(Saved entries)
***

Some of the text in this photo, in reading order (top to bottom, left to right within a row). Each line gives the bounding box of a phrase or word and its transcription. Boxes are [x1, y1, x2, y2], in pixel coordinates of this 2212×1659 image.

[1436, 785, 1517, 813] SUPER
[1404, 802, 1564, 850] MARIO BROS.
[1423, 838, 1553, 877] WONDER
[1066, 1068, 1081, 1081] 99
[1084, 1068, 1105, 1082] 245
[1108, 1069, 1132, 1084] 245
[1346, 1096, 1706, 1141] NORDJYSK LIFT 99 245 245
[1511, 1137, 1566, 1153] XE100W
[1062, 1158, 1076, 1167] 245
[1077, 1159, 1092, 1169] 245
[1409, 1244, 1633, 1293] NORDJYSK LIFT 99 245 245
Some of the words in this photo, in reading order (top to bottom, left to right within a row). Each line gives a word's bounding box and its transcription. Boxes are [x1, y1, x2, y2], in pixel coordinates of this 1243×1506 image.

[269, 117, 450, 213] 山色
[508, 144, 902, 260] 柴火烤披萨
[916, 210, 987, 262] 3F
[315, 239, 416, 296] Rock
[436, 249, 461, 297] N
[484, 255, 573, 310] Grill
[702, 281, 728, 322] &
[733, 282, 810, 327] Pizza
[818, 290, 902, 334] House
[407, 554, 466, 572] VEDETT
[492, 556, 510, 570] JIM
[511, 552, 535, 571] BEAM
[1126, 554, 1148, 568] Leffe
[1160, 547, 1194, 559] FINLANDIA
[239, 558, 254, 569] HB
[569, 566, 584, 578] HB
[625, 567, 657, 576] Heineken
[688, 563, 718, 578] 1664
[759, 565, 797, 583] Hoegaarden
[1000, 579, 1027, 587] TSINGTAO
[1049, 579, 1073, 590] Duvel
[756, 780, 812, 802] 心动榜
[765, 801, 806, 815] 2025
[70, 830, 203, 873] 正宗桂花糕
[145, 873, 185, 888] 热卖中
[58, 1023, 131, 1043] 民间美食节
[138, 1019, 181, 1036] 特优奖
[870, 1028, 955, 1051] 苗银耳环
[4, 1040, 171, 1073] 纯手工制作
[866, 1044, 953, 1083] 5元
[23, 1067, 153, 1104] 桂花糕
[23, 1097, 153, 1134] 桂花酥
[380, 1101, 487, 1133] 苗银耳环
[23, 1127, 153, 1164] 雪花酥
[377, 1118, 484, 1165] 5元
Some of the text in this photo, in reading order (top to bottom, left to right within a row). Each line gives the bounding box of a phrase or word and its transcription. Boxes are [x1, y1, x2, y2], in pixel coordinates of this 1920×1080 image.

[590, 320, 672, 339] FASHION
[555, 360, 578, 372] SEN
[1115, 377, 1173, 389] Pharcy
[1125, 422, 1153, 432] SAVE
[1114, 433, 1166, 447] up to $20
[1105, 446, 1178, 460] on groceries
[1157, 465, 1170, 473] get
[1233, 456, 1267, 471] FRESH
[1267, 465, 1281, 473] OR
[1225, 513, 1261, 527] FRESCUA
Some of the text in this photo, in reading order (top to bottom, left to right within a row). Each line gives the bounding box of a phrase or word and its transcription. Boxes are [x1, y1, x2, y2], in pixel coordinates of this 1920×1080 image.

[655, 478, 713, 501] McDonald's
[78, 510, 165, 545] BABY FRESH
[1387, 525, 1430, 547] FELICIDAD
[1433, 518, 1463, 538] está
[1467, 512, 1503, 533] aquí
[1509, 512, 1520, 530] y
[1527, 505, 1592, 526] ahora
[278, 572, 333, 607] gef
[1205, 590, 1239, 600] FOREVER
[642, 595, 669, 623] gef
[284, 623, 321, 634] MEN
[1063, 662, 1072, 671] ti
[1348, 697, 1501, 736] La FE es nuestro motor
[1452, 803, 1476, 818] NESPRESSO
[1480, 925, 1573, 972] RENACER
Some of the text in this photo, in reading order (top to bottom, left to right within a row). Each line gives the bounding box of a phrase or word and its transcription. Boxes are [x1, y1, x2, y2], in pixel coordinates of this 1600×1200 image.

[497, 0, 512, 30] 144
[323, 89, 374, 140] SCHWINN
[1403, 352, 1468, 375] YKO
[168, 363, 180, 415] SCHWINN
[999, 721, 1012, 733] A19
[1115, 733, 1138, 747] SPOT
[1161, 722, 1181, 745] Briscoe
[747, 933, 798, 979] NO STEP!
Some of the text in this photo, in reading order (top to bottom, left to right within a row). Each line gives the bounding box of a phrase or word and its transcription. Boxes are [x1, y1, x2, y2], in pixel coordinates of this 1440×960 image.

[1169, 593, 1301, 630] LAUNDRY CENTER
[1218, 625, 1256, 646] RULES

***

Please write out the records above once more, exactly and completely.

Some of the text in this photo, in reading order (top to bottom, left to right within a row). Each line gives the bounding box of a phrase or word and its transcription. Boxes are [x1, y1, x2, y2], in pixel coordinates of this 2212×1659 image.

[1436, 785, 1517, 813] SUPER
[1404, 802, 1564, 850] MARIO BROS.
[1423, 838, 1553, 877] WONDER
[1066, 1068, 1081, 1081] 99
[1084, 1068, 1105, 1082] 245
[1108, 1069, 1132, 1084] 245
[1346, 1096, 1706, 1141] NORDJYSK LIFT 99 245 245
[1511, 1137, 1566, 1153] XE100W
[1062, 1158, 1076, 1167] 245
[1077, 1159, 1092, 1169] 245
[1409, 1244, 1633, 1293] NORDJYSK LIFT 99 245 245
Some of the words in this photo, in reading order (top to bottom, left to right within a row). Each line gives a word's bounding box and its transcription. Boxes are [x1, y1, x2, y2], in pixel coordinates of this 1243×1506 image.

[269, 117, 450, 213] 山色
[508, 144, 902, 260] 柴火烤披萨
[916, 210, 987, 262] 3F
[315, 239, 416, 296] Rock
[436, 249, 461, 297] N
[484, 255, 573, 310] Grill
[702, 281, 728, 322] &
[733, 282, 810, 327] Pizza
[818, 290, 902, 334] House
[407, 554, 466, 572] VEDETT
[492, 556, 510, 570] JIM
[511, 552, 535, 571] BEAM
[1126, 554, 1148, 568] Leffe
[1160, 547, 1194, 559] FINLANDIA
[239, 558, 254, 569] HB
[569, 566, 584, 578] HB
[625, 567, 657, 576] Heineken
[688, 563, 718, 578] 1664
[759, 565, 797, 583] Hoegaarden
[1000, 579, 1027, 587] TSINGTAO
[1049, 579, 1073, 590] Duvel
[756, 780, 812, 802] 心动榜
[765, 801, 806, 815] 2025
[70, 830, 203, 873] 正宗桂花糕
[145, 873, 185, 888] 热卖中
[58, 1023, 131, 1043] 民间美食节
[138, 1019, 181, 1036] 特优奖
[870, 1028, 955, 1051] 苗银耳环
[4, 1040, 171, 1073] 纯手工制作
[866, 1044, 953, 1083] 5元
[23, 1067, 153, 1104] 桂花糕
[23, 1097, 153, 1134] 桂花酥
[380, 1101, 487, 1133] 苗银耳环
[23, 1127, 153, 1164] 雪花酥
[377, 1118, 484, 1165] 5元
Some of the text in this photo, in reading order (top to bottom, left to right within a row). Each line gives the bounding box of a phrase or word and its transcription. Boxes are [x1, y1, x2, y2], in pixel coordinates of this 1920×1080 image.

[590, 320, 672, 339] FASHION
[555, 360, 578, 372] SEN
[1115, 377, 1173, 389] Pharcy
[1125, 422, 1153, 432] SAVE
[1114, 433, 1166, 447] up to $20
[1105, 446, 1178, 460] on groceries
[1157, 465, 1170, 473] get
[1233, 456, 1267, 471] FRESH
[1267, 465, 1281, 473] OR
[1225, 513, 1261, 527] FRESCUA
Some of the text in this photo, in reading order (top to bottom, left to right within a row). Each line gives the bounding box of a phrase or word and its transcription. Boxes are [x1, y1, x2, y2], in pixel coordinates of this 1920×1080 image.

[655, 478, 713, 501] McDonald's
[78, 510, 165, 545] BABY FRESH
[1387, 525, 1430, 547] FELICIDAD
[1433, 518, 1463, 538] está
[1467, 512, 1503, 533] aquí
[1509, 512, 1520, 530] y
[1527, 505, 1592, 526] ahora
[278, 572, 333, 607] gef
[1205, 590, 1239, 600] FOREVER
[642, 595, 669, 623] gef
[284, 623, 321, 634] MEN
[1063, 662, 1072, 671] ti
[1348, 697, 1501, 736] La FE es nuestro motor
[1452, 803, 1476, 818] NESPRESSO
[1480, 925, 1573, 972] RENACER
Some of the text in this photo, in reading order (top to bottom, left to right within a row). Each line gives the bounding box of a phrase or word and its transcription. Boxes are [x1, y1, x2, y2], in pixel coordinates of this 1600×1200 image.

[497, 0, 512, 30] 144
[323, 89, 374, 140] SCHWINN
[1403, 352, 1468, 375] YKO
[168, 363, 180, 415] SCHWINN
[999, 721, 1012, 733] A19
[1115, 733, 1138, 747] SPOT
[1161, 722, 1181, 745] Briscoe
[747, 933, 798, 979] NO STEP!
Some of the text in this photo, in reading order (top to bottom, left to right within a row). Each line gives the bounding box of a phrase or word and its transcription. Boxes are [x1, y1, x2, y2], in pixel coordinates of this 1440×960 image.

[1169, 593, 1301, 630] LAUNDRY CENTER
[1218, 625, 1256, 646] RULES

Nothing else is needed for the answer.